On the latest episode of Jada Pinkett Smith’s refreshing Facebook show, Red Table Talk, the actor once again probed a painful episode from her past.
This week, Pinkett Smith welcomed her younger brother, Caleeb Pinkett, to talk about forgiveness.
During the episode, the pair spoke about their complicated relationship with their father, Robsol Pinkett, Jr. Though Pinkett Smith and Pinkett have different mothers, their dad was “a shared source of pain” throughout their lives, they said.
“We had a lot of resentment,” Pinkett Smith recalled. “We had that feeling like we had to be responsible for him, but he never had to be responsible for us and that was a hard pill for me to swallow.”
While both the siblings said they had to ultimately let go of the pain and anger they held toward their father, who struggled with drug addiction and died of an overdose in 2010, Pinkett Smith recalled a moment that has haunted her for years.
Jada Pinkett Smith and her younger brother Caleeb share their deeply personal experience of struggling to forgive the man who hurt them the most - their father.
Posted by Red Table Talk on Wednesday, November 28, 2018
“The most difficult part of him dying like that is [be]cause he and I had had a horrendous fight when I found out that he relapsed,” Pinkett Smith recalled.

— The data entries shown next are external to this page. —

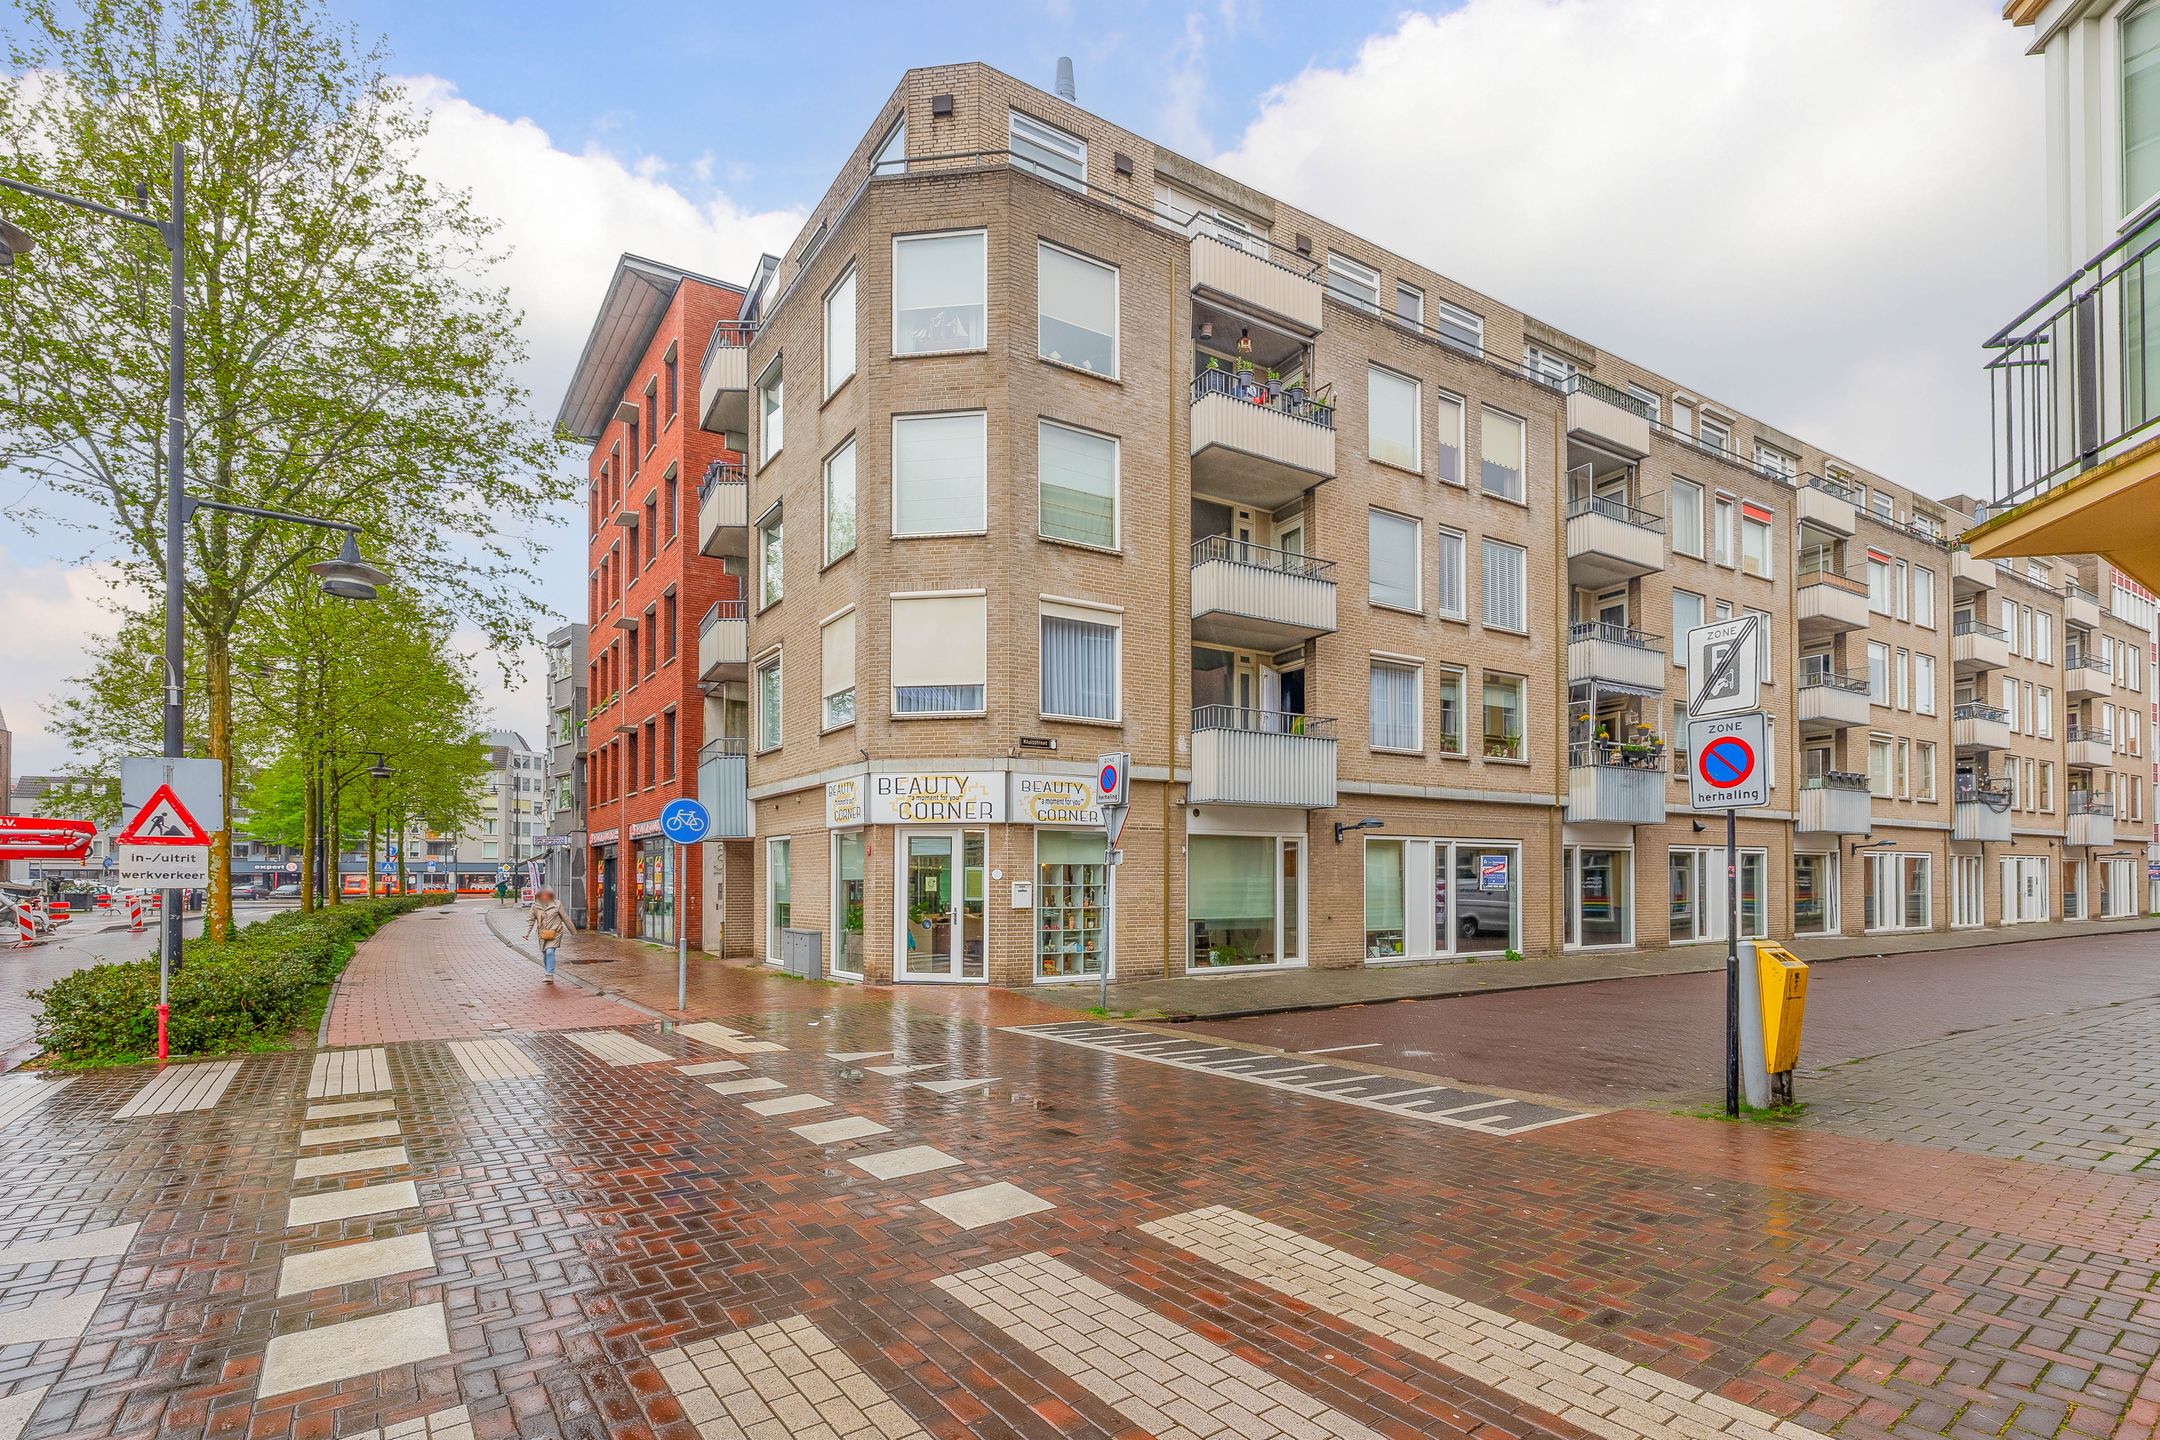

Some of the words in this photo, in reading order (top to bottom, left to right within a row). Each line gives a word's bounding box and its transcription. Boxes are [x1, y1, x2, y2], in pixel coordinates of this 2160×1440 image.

[1707, 626, 1737, 640] ZONE
[1708, 721, 1743, 734] ZONE
[828, 781, 855, 797] BEAUTY
[878, 776, 969, 795] BEAUTY
[1021, 780, 1084, 794] BEAUTY
[1064, 797, 1072, 805] for
[1698, 790, 1759, 802] herhaling
[834, 806, 861, 821] CORNER
[899, 801, 993, 820] CORNER
[1037, 809, 1098, 822] CORNER
[131, 853, 197, 863] in-/uitrit
[121, 871, 206, 880] werkverkeer
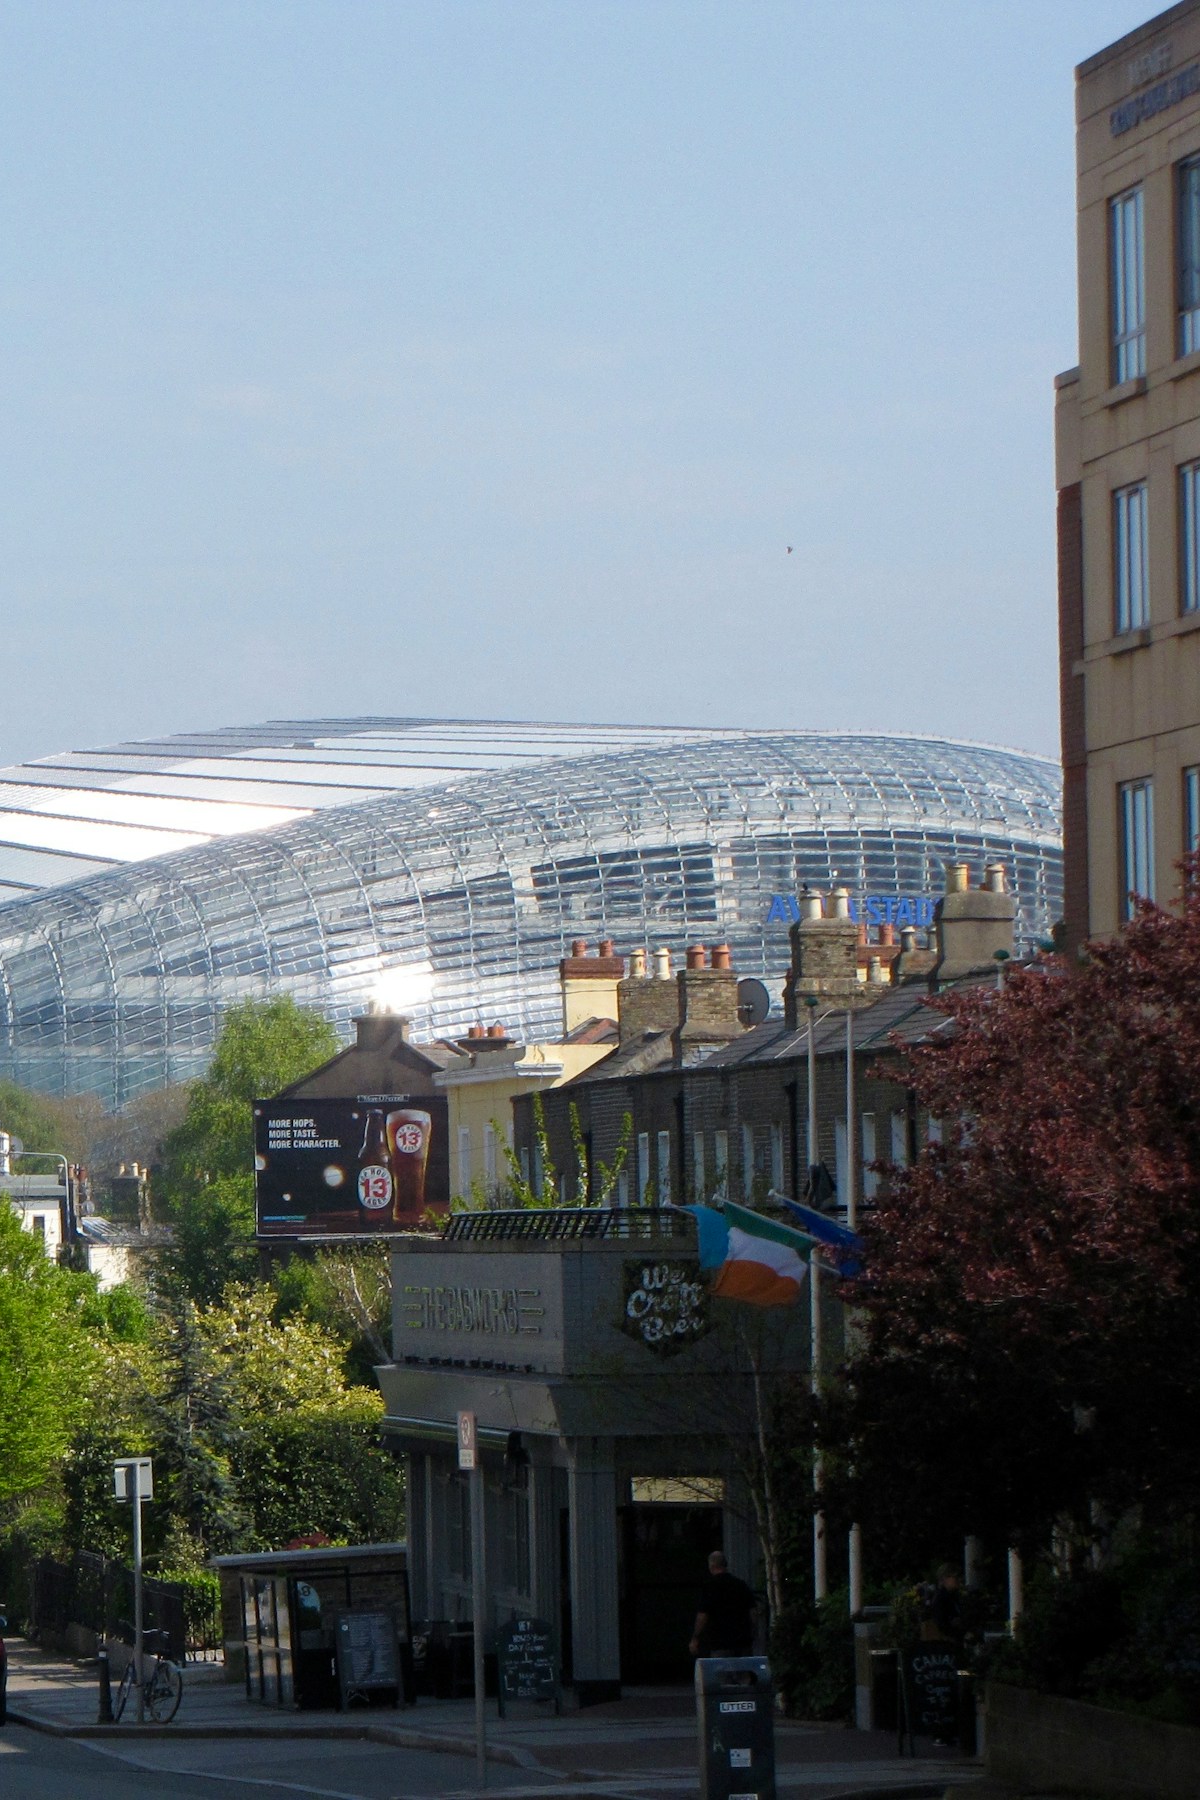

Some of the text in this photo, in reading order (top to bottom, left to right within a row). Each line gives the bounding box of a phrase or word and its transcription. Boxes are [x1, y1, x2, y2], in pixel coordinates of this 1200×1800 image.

[866, 897, 942, 926] STAD
[268, 1118, 316, 1128] MORE HOPS.
[268, 1129, 319, 1138] MORE TASTE.
[399, 1132, 421, 1146] 13
[268, 1139, 341, 1149] MORE CHARACTER.
[360, 1178, 387, 1198] 13
[627, 1282, 704, 1318] Craft
[641, 1317, 704, 1341] Beer
[721, 1702, 754, 1712] LITTER
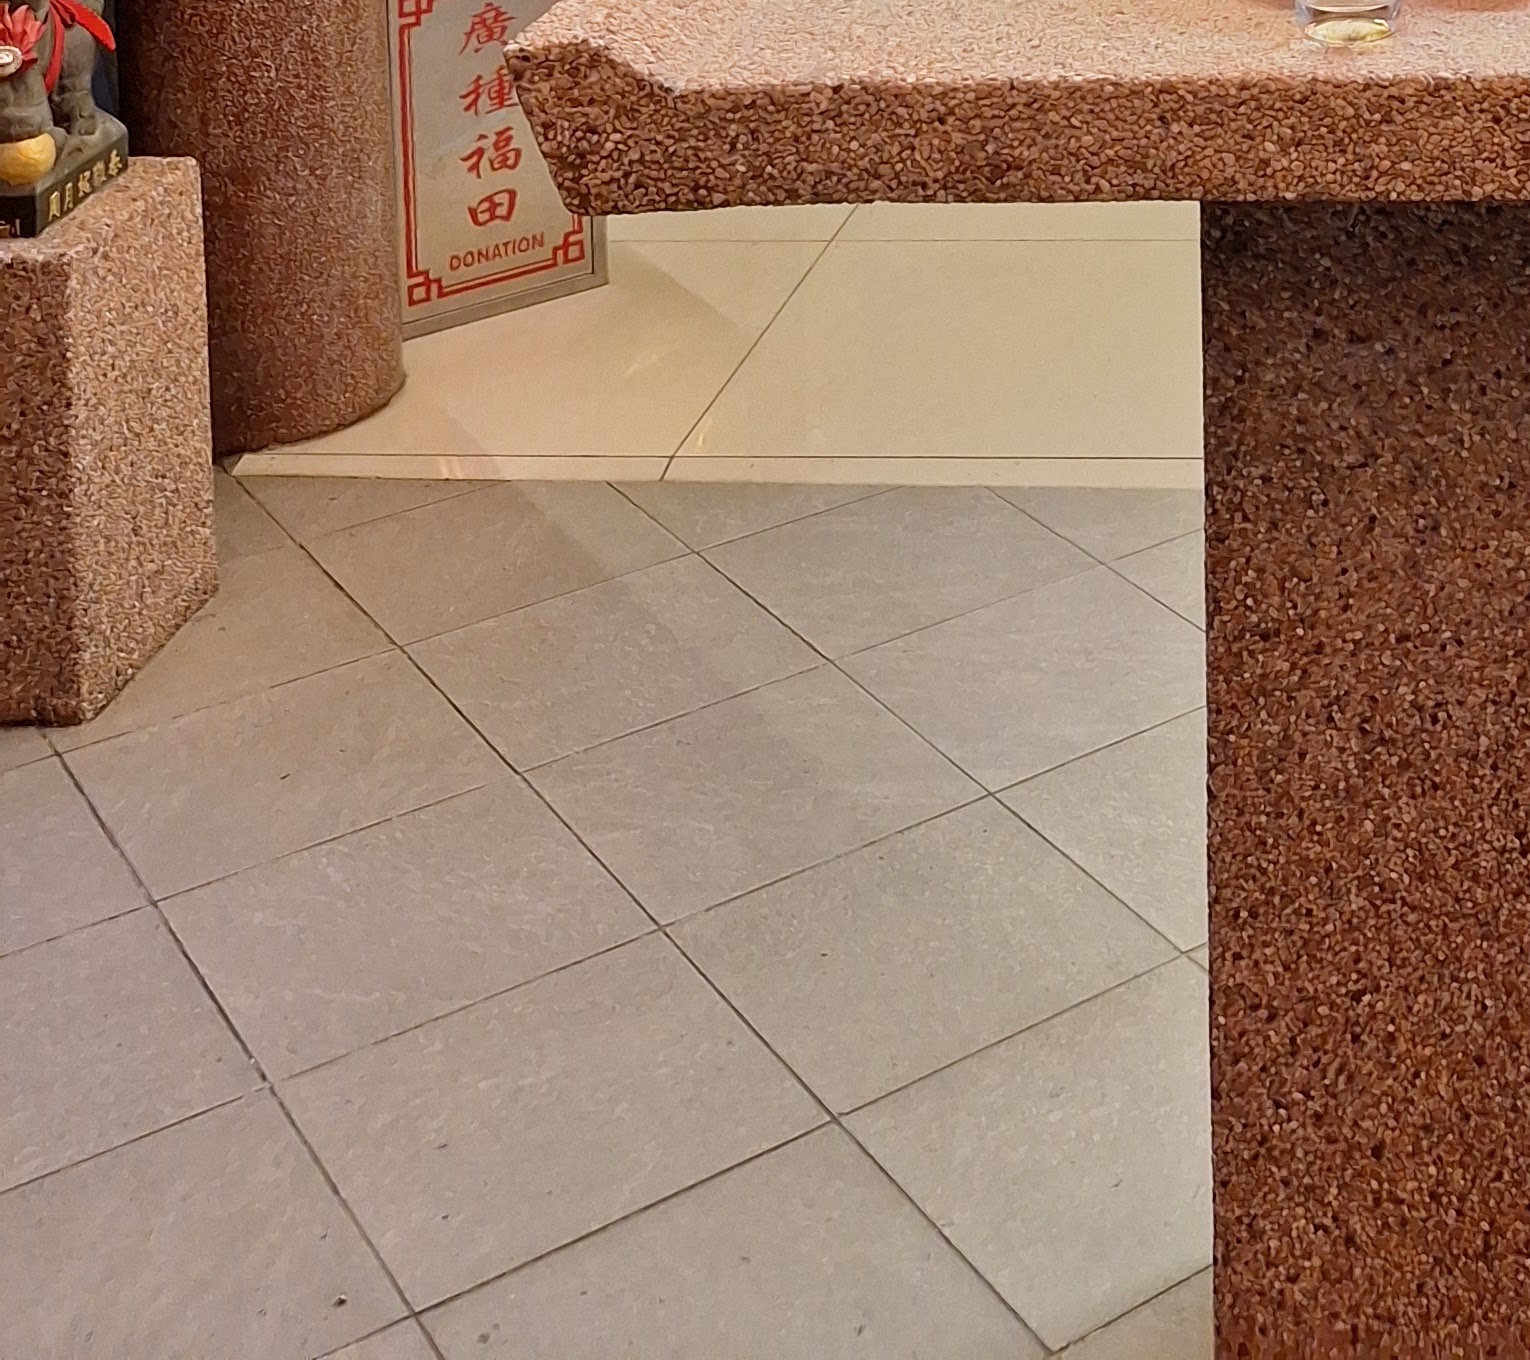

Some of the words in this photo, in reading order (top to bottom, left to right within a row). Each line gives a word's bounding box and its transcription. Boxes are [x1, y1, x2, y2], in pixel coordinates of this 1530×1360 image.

“I was like, ‘I don’t owe you nothing.’ You didn’t do s–t for me, you didn’t do s–t for Caleeb. I don’t owe you nothing.’ It was one of those,” Pinkett Smith said of one of her last conversations with her father.
Her brother said he’d had a similar talk with their father as well. “I was furious,” Pinkett said. “And he told me, that’s what the disease is. This is who I am.”
Though tragic, their father’s death bonded the siblings together even closer. According to Pinkett Smith, that’s when her little brother “became a man.”
“He had to go identify the body, he had to take care of the funeral arrangements, and to have that happen and I didn’t have to take care of it? He had it,” she explained. “The way [Pinkett] handled it was with so much strength and so much grace, and that’s when he really grew up to me in that moment. To have my little brother be able to step up for me, was an amazing moment.”
Reflecting on her father’s death also helped Pinkett Smith let go of the guilt she felt in order to become a more emotionally independent person.
“I had the most startling realization that Rob’s life wasn’t about him being my father. Rob’s life was about Rob being on his journey, and it just so happened along the way that he gave me life,” she said. “And in that moment I realized he was not born to be my dad. That wasn’t the only thing he was here to do. He’s a person first with his own journey.
“That was my aha moment of utter forgiveness, to be able to see him as human being,” she added.
“That’s when I started, even in my own life, tearing down all these titles and labels. We get so caught up in all these titles and these labels of what people are supposed to be,” Pinkett Smith continued. “For the last seven years I’ve been in search of emotional independence. That has been the greatest gift in my journey.”